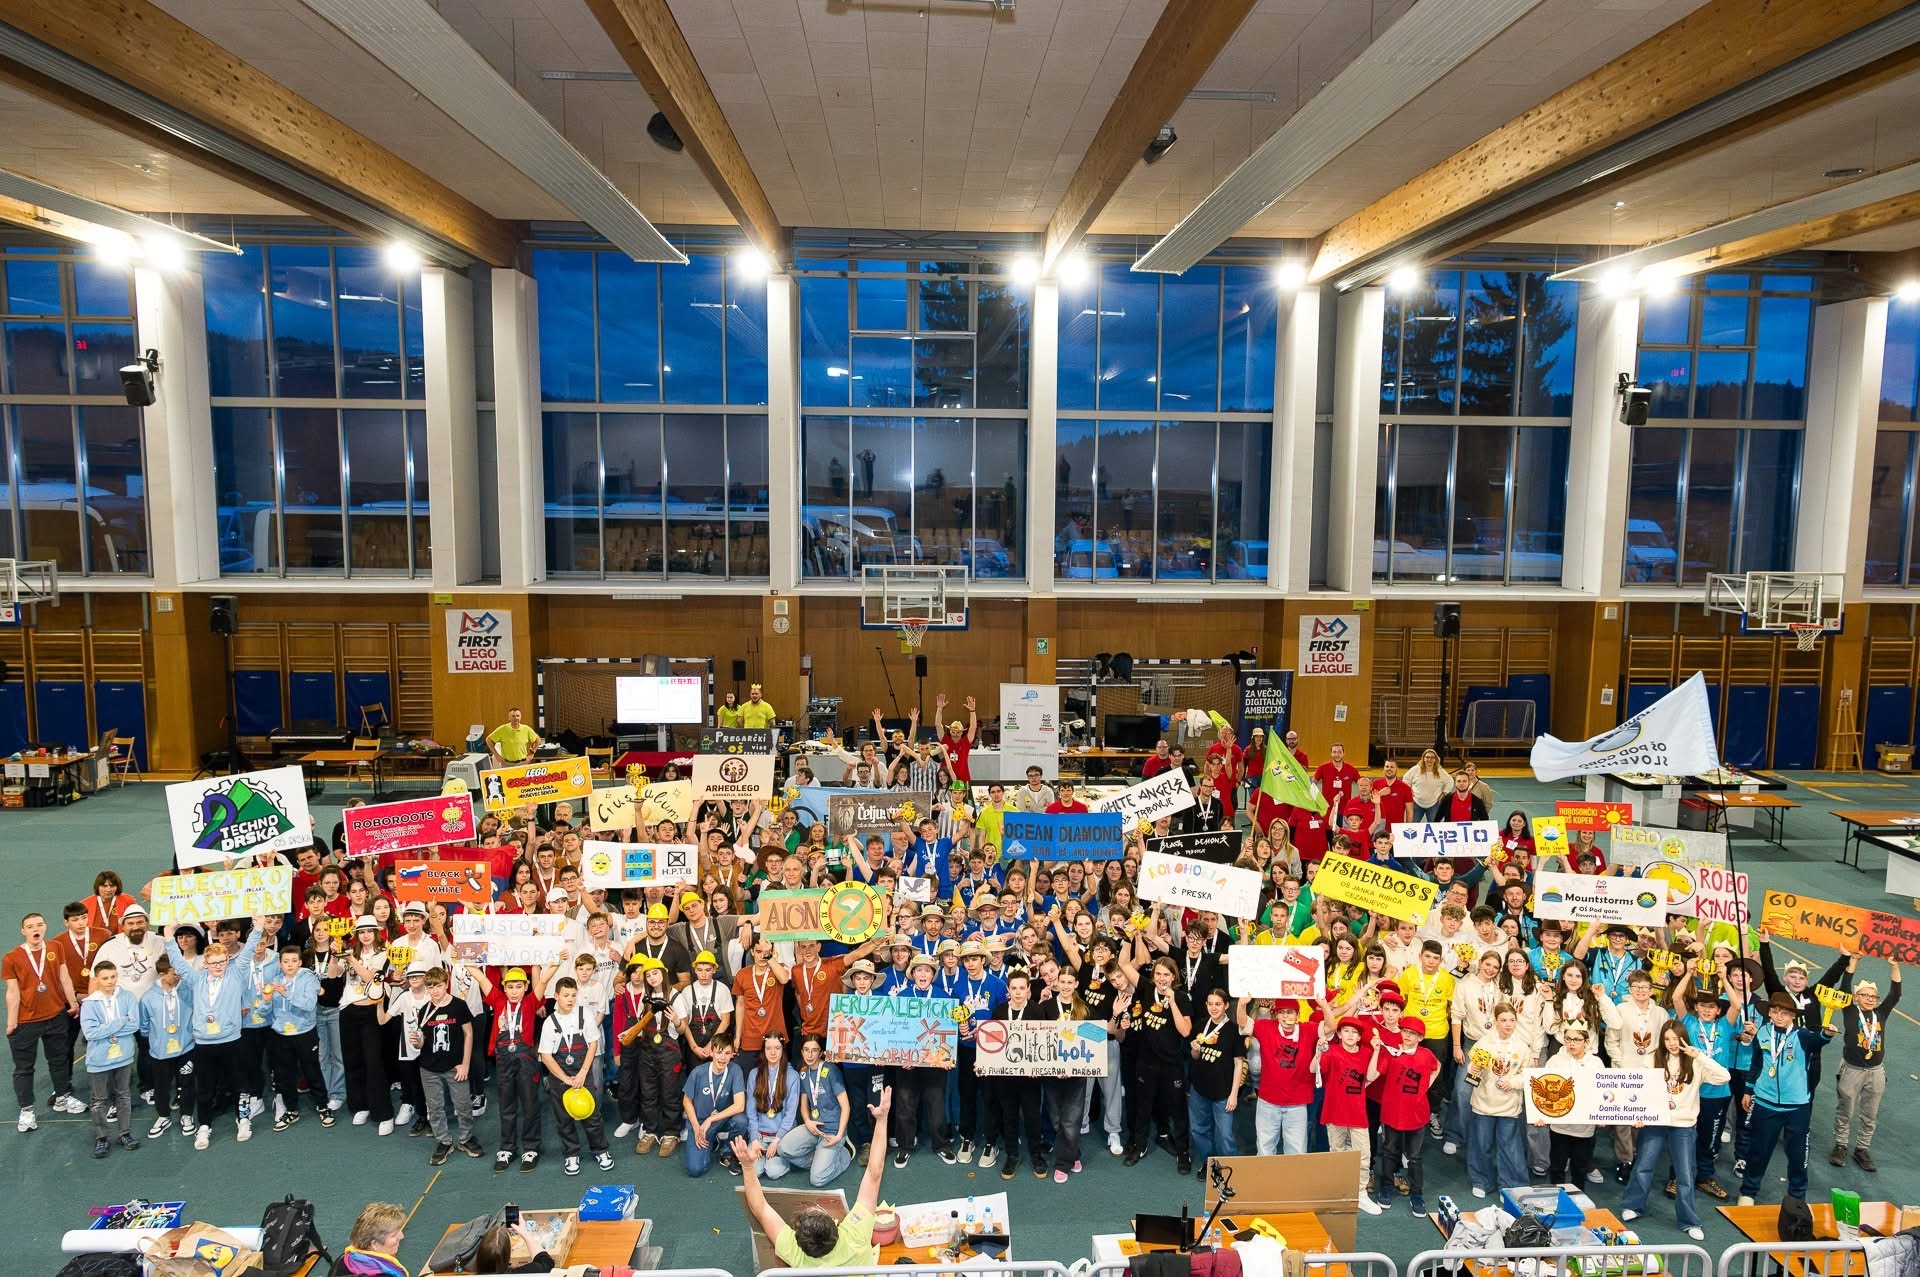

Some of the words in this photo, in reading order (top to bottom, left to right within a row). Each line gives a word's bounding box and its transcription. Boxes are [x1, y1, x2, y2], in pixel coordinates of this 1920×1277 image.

[458, 636, 502, 647] FIRST
[1309, 640, 1350, 652] FIRST
[461, 649, 497, 658] LEGO
[1312, 653, 1345, 662] LEGO
[455, 660, 507, 670] LEAGUE
[1305, 664, 1352, 674] LEAGUE
[1245, 690, 1256, 698] ZA
[1257, 687, 1282, 698] VEČJO
[1245, 697, 1287, 706] DIGITALNO
[526, 767, 548, 777] LEGO
[705, 784, 760, 792] ARHEOLEGO
[1137, 778, 1190, 800] ANGELS
[1558, 806, 1598, 817] ROBOSONČKI
[220, 814, 279, 839] TECHNO
[353, 811, 435, 830] ROBOROOTS
[1573, 816, 1594, 825] KOPER
[221, 826, 280, 851] DRSKA
[1004, 823, 1054, 841] OCEAN
[1059, 824, 1123, 843] DIAMOND
[1611, 827, 1662, 846] LEGO
[157, 868, 282, 897] ELECTRO
[1321, 857, 1432, 902] FISHERBOSS
[1700, 868, 1747, 895] ROBO
[428, 886, 461, 894] WHITE
[1182, 888, 1212, 901] PRESKA
[1340, 880, 1351, 889] OŠ
[1352, 884, 1375, 897] JANKA
[152, 890, 289, 921] MASTERS
[1565, 893, 1634, 906] Mountstorms
[1769, 893, 1797, 908] GO
[765, 901, 820, 931] AION
[1801, 910, 1859, 938] KINGS
[1285, 984, 1310, 995] ROBO
[1058, 1039, 1095, 1064] 404
[1595, 1072, 1627, 1080] Osnovna
[1628, 1072, 1643, 1080] šola
[1596, 1081, 1619, 1089] Danile
[1623, 1105, 1647, 1113] Kumar
[1635, 1114, 1659, 1122] school

### Task objective
Could you return each entry word for word, with the images omitted?

### Written solution
Some of the words in this photo, in reading order (top to bottom, left to right within a row). Each line gives a word's bounding box and its transcription. Boxes are [x1, y1, x2, y2], in pixel coordinates of this 1920×1277 image.

[458, 636, 502, 647] FIRST
[1309, 640, 1350, 652] FIRST
[461, 649, 497, 658] LEGO
[1312, 653, 1345, 662] LEGO
[455, 660, 507, 670] LEAGUE
[1305, 664, 1352, 674] LEAGUE
[1245, 690, 1256, 698] ZA
[1257, 687, 1282, 698] VEČJO
[1245, 697, 1287, 706] DIGITALNO
[526, 767, 548, 777] LEGO
[705, 784, 760, 792] ARHEOLEGO
[1137, 778, 1190, 800] ANGELS
[1558, 806, 1598, 817] ROBOSONČKI
[220, 814, 279, 839] TECHNO
[353, 811, 435, 830] ROBOROOTS
[1573, 816, 1594, 825] KOPER
[221, 826, 280, 851] DRSKA
[1004, 823, 1054, 841] OCEAN
[1059, 824, 1123, 843] DIAMOND
[1611, 827, 1662, 846] LEGO
[157, 868, 282, 897] ELECTRO
[1321, 857, 1432, 902] FISHERBOSS
[1700, 868, 1747, 895] ROBO
[428, 886, 461, 894] WHITE
[1182, 888, 1212, 901] PRESKA
[1340, 880, 1351, 889] OŠ
[1352, 884, 1375, 897] JANKA
[152, 890, 289, 921] MASTERS
[1565, 893, 1634, 906] Mountstorms
[1769, 893, 1797, 908] GO
[765, 901, 820, 931] AION
[1801, 910, 1859, 938] KINGS
[1285, 984, 1310, 995] ROBO
[1058, 1039, 1095, 1064] 404
[1595, 1072, 1627, 1080] Osnovna
[1628, 1072, 1643, 1080] šola
[1596, 1081, 1619, 1089] Danile
[1623, 1105, 1647, 1113] Kumar
[1635, 1114, 1659, 1122] school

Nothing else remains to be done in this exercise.